Inducible transcription of the unrearranged kappa constant region locus is a common feature of pre-B cells and does not require DNA or protein synthesis.

Transcription of unrearranged kappa constant region (kappa 0) loci is dramatically induced in pre-B cells transformed by the Abelson murine leukemia virus when the cells are exposed to bacterial lipopolysaccharide (LPS). Transcriptional activity, detected both by accumulation of the 8-kilobase kappa 0 RNA product and by nuclear run-on measurements, is evident within a few hours after exposure to LPS and continues to increase over a 24-hr period.
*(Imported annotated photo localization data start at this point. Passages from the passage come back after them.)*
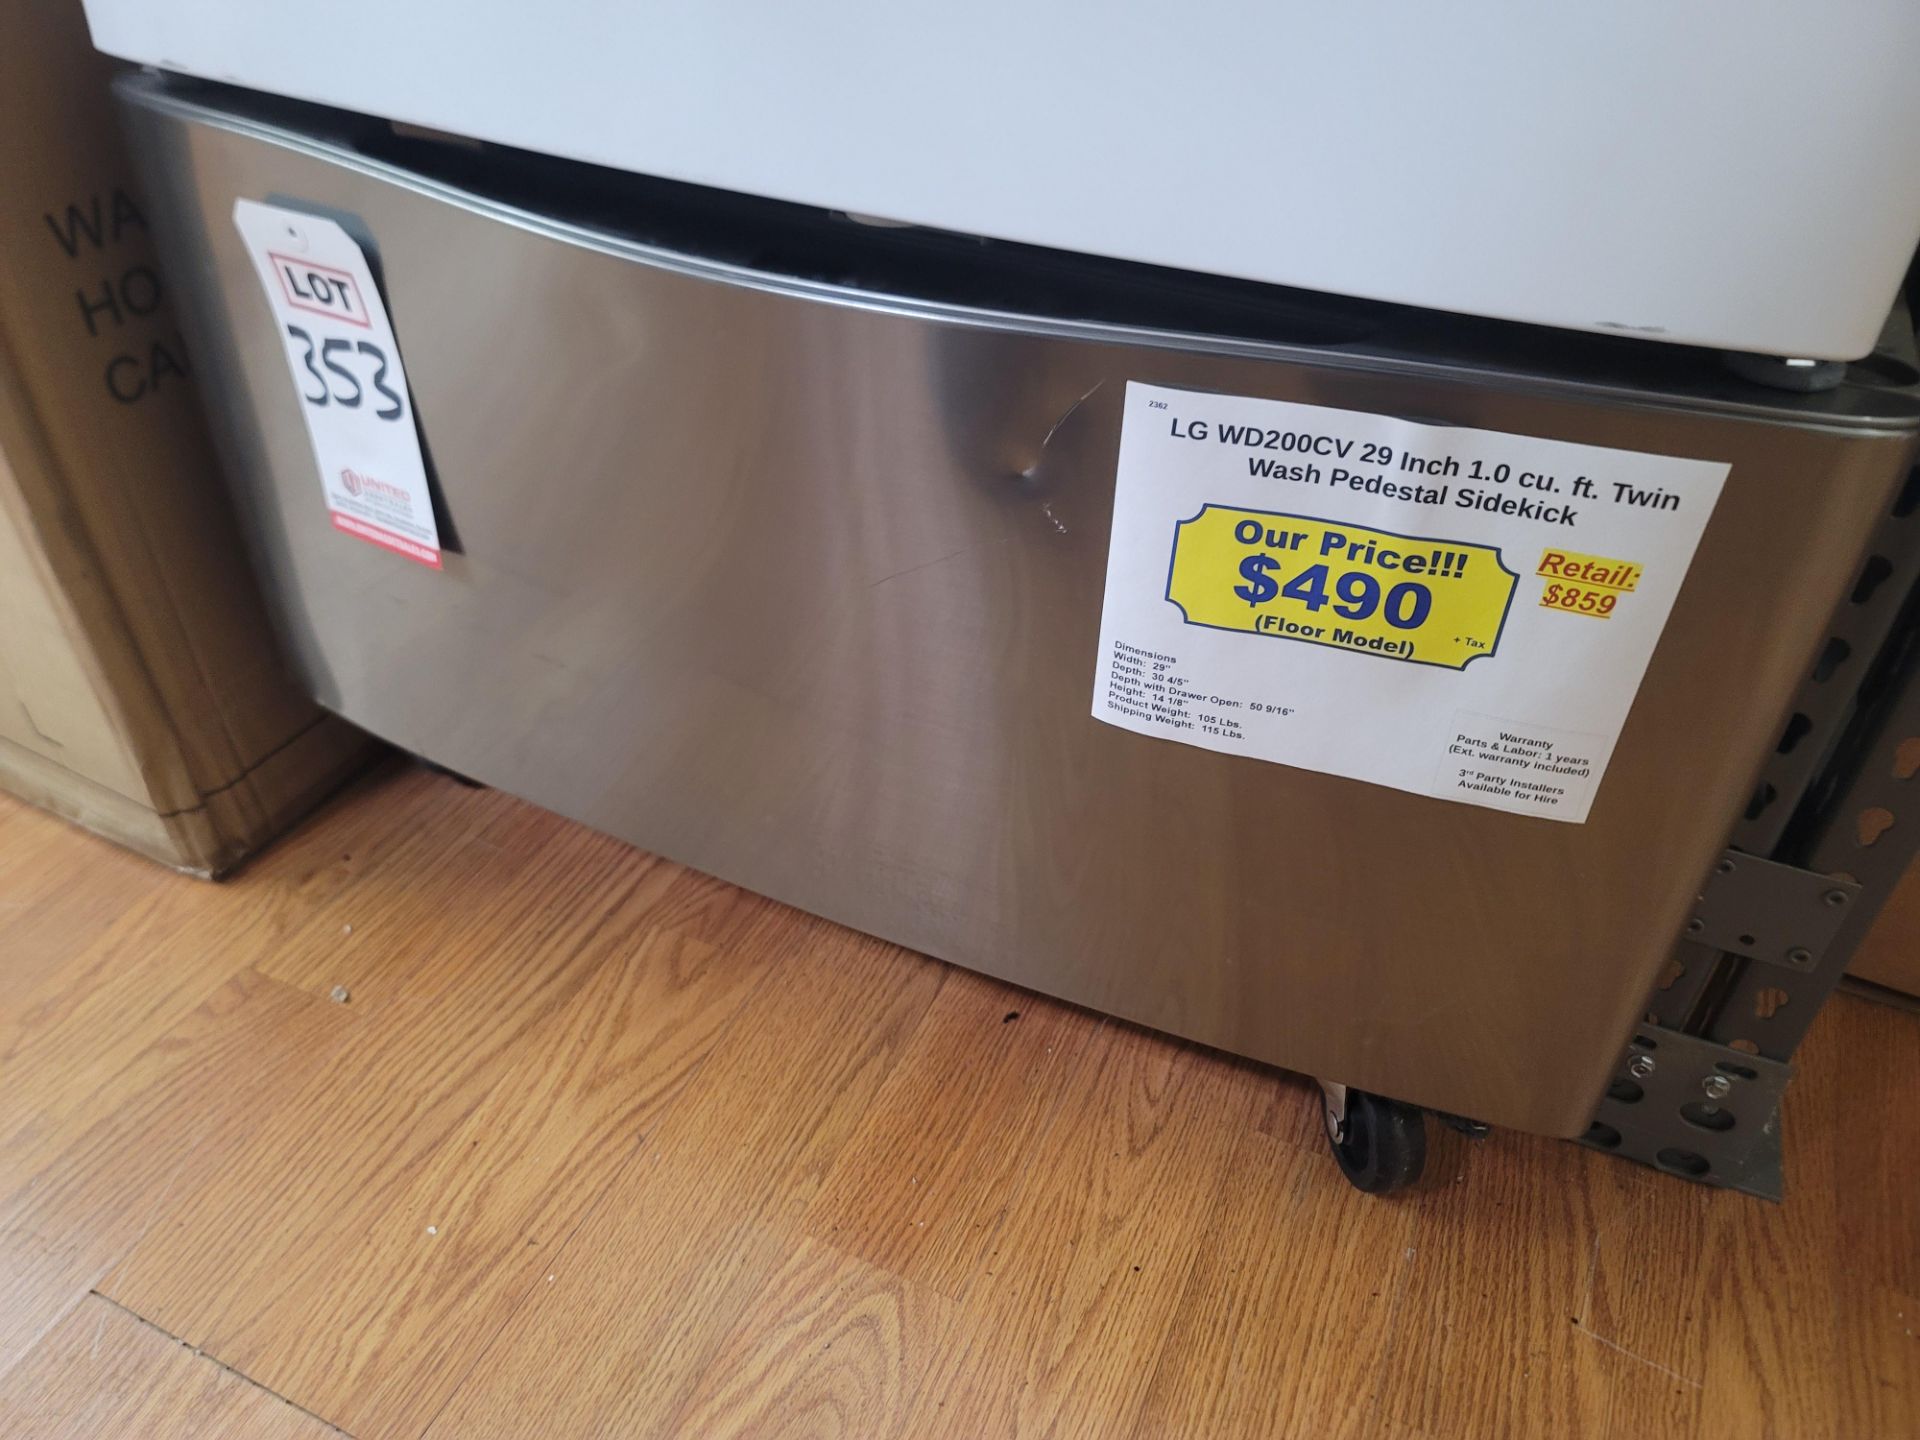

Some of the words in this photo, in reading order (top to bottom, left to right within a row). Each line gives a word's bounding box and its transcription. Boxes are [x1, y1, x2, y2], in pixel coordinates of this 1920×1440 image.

[76, 266, 162, 337] HO
[284, 265, 352, 312] LOT
[287, 323, 403, 421] 353
[1148, 400, 1168, 410] 2362
[1170, 417, 1209, 441] LG
[1217, 423, 1355, 458] WD200CV
[1359, 442, 1393, 466] 29
[1399, 451, 1460, 477] Inch
[1467, 460, 1511, 483] 1.0
[1518, 471, 1560, 493] cu.
[1571, 476, 1599, 499] ft.
[1612, 482, 1681, 511] Twin
[361, 471, 412, 502] UNITED
[1248, 457, 1322, 484] Wash
[1329, 467, 1449, 505] Pedestal
[1454, 488, 1579, 526] Sidekick
[1233, 519, 1309, 551] Our
[1319, 530, 1469, 579] Price!!!
[1537, 552, 1642, 589] Retail:
[1232, 552, 1433, 630] $490
[1541, 582, 1618, 616] $859
[1114, 640, 1177, 664] Dimensions
[1254, 613, 1326, 640] (Floor
[1331, 628, 1415, 660] Model)
[1465, 635, 1486, 649] Tax
[1112, 661, 1146, 678] Depth:
[1151, 672, 1165, 682] 30
[1113, 651, 1147, 668] Width:
[1153, 662, 1171, 672] 29"
[1109, 681, 1146, 699] Height:
[1152, 693, 1165, 703] 14
[1111, 671, 1141, 688] Depth
[1144, 681, 1166, 693] with
[1168, 687, 1208, 702] Drawer
[1210, 696, 1243, 709] Open:
[1249, 702, 1263, 712] 50
[1107, 700, 1152, 721] Shipping
[1155, 711, 1195, 730] Weight:
[1201, 725, 1220, 735] 115
[1222, 728, 1246, 740] Lbs.
[1108, 691, 1149, 709] Product
[1151, 700, 1191, 719] Weight:
[1198, 714, 1217, 725] 105
[1219, 718, 1243, 729] Lbs.
[1456, 734, 1488, 749] Parts
[1490, 742, 1500, 751] &
[1503, 745, 1542, 759] Labor:
[1545, 752, 1552, 761] 1
[1554, 754, 1590, 766] years
[1499, 732, 1554, 750] Warranty
[1448, 744, 1475, 758] (Ext.
[1478, 751, 1531, 769] warranty
[1533, 760, 1590, 779] included)
[1458, 779, 1512, 797] Available
[1514, 790, 1531, 802] for
[1533, 795, 1559, 805] Hire
[1476, 772, 1507, 786] Party
[1509, 779, 1565, 796] Installers
During this time, transcription of rearranged mu heavy-chain loci remains at the basal constitutive level. In accord with previous studies of the B-cell lymphoma 70Z/3, this transcriptional activation is accompanied by the appearance of a DNase I-hypersensitive site in the kappa enhancer region but not by any detectable hypomethylation of the locus. Moreover, the present studies demonstrate that induction of kappa transcription can occur in the absence of DNA or protein synthesis. These results have led us to propose a model in which an external signal such as LPS or a functionally equivalent lymphokine may initiate kappa transcription in pre-B cells by modifying or overriding the activity of an enhancer-specific factor.